◆ **MATERIAL FOR THE TASK**
%%

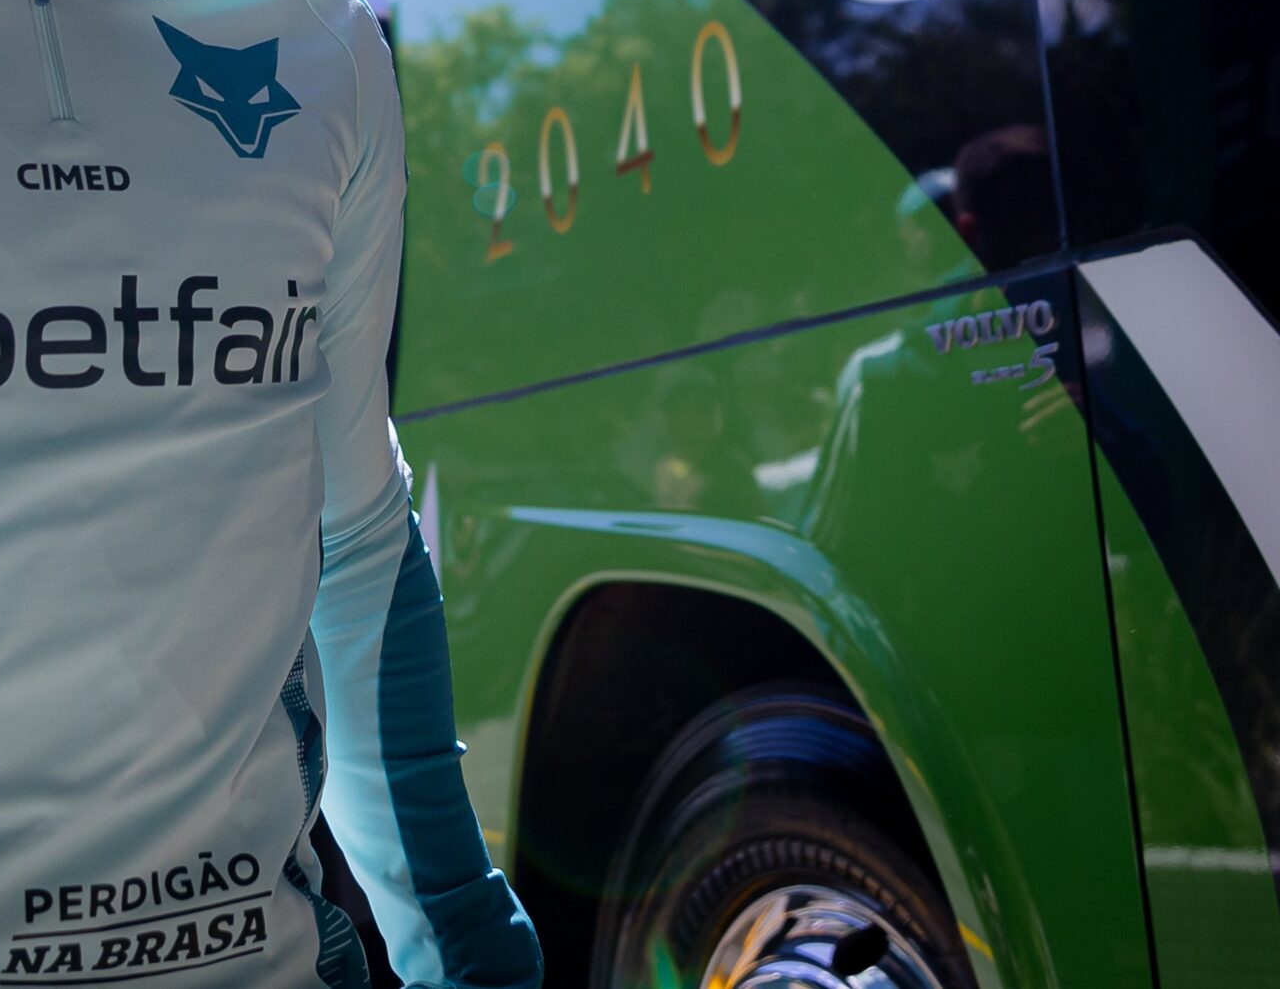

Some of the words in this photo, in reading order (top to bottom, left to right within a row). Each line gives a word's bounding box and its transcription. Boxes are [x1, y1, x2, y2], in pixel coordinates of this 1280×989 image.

[17, 163, 130, 192] CIMED
[926, 299, 1056, 355] VOLVO
[25, 851, 261, 924] PERDIGÃO
[1, 943, 84, 975] NA
[92, 907, 268, 971] BRASA

%%

◆ **TO DO**
Would it be possible to reproduce the material word for word, images omitted?

◆ **RESULT OF THIS TASK**
Some of the words in this photo, in reading order (top to bottom, left to right within a row). Each line gives a word's bounding box and its transcription. Boxes are [x1, y1, x2, y2], in pixel coordinates of this 1280×989 image.

[17, 163, 130, 192] CIMED
[926, 299, 1056, 355] VOLVO
[25, 851, 261, 924] PERDIGÃO
[1, 943, 84, 975] NA
[92, 907, 268, 971] BRASA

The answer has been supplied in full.